◆ **What the task asks**: Your response should consist of the records, reproduced exactly.

★ ★ ★ ★ ★ ★ ★

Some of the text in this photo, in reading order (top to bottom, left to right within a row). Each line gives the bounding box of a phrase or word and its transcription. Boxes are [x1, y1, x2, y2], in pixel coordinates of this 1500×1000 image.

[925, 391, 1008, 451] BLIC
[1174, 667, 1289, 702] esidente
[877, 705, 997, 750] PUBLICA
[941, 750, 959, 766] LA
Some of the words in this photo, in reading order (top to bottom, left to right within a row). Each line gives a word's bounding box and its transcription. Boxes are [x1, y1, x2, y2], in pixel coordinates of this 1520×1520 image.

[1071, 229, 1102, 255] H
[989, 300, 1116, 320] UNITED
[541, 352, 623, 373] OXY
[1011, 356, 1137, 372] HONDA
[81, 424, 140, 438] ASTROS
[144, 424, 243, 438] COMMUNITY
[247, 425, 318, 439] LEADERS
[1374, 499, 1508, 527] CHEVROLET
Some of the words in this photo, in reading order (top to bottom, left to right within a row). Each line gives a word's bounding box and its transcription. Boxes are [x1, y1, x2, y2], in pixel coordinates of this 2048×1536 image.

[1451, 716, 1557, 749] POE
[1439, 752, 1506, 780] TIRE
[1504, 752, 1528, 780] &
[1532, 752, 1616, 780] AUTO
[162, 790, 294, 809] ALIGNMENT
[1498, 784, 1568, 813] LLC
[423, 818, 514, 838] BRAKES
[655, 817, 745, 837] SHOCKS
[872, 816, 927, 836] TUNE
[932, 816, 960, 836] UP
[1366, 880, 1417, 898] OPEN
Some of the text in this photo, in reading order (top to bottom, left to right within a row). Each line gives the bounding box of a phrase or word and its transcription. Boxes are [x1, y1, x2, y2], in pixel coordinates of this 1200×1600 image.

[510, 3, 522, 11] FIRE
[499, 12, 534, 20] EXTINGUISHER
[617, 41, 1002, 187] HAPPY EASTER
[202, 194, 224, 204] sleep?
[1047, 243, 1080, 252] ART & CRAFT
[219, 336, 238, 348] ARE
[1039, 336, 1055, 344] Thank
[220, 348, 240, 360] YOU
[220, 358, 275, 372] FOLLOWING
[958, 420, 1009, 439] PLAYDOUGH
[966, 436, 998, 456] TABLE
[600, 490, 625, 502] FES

★ ★ ★ ★ ★ ★ ★

◆ **Response area**:
Some of the text in this photo, in reading order (top to bottom, left to right within a row). Each line gives the bounding box of a phrase or word and its transcription. Boxes are [x1, y1, x2, y2], in pixel coordinates of this 1500×1000 image.

[925, 391, 1008, 451] BLIC
[1174, 667, 1289, 702] esidente
[877, 705, 997, 750] PUBLICA
[941, 750, 959, 766] LA
Some of the words in this photo, in reading order (top to bottom, left to right within a row). Each line gives a word's bounding box and its transcription. Boxes are [x1, y1, x2, y2], in pixel coordinates of this 1520×1520 image.

[1071, 229, 1102, 255] H
[989, 300, 1116, 320] UNITED
[541, 352, 623, 373] OXY
[1011, 356, 1137, 372] HONDA
[81, 424, 140, 438] ASTROS
[144, 424, 243, 438] COMMUNITY
[247, 425, 318, 439] LEADERS
[1374, 499, 1508, 527] CHEVROLET
Some of the words in this photo, in reading order (top to bottom, left to right within a row). Each line gives a word's bounding box and its transcription. Boxes are [x1, y1, x2, y2], in pixel coordinates of this 2048×1536 image.

[1451, 716, 1557, 749] POE
[1439, 752, 1506, 780] TIRE
[1504, 752, 1528, 780] &
[1532, 752, 1616, 780] AUTO
[162, 790, 294, 809] ALIGNMENT
[1498, 784, 1568, 813] LLC
[423, 818, 514, 838] BRAKES
[655, 817, 745, 837] SHOCKS
[872, 816, 927, 836] TUNE
[932, 816, 960, 836] UP
[1366, 880, 1417, 898] OPEN
Some of the text in this photo, in reading order (top to bottom, left to right within a row). Each line gives the bounding box of a phrase or word and its transcription. Boxes are [x1, y1, x2, y2], in pixel coordinates of this 1200×1600 image.

[510, 3, 522, 11] FIRE
[499, 12, 534, 20] EXTINGUISHER
[617, 41, 1002, 187] HAPPY EASTER
[202, 194, 224, 204] sleep?
[1047, 243, 1080, 252] ART & CRAFT
[219, 336, 238, 348] ARE
[1039, 336, 1055, 344] Thank
[220, 348, 240, 360] YOU
[220, 358, 275, 372] FOLLOWING
[958, 420, 1009, 439] PLAYDOUGH
[966, 436, 998, 456] TABLE
[600, 490, 625, 502] FES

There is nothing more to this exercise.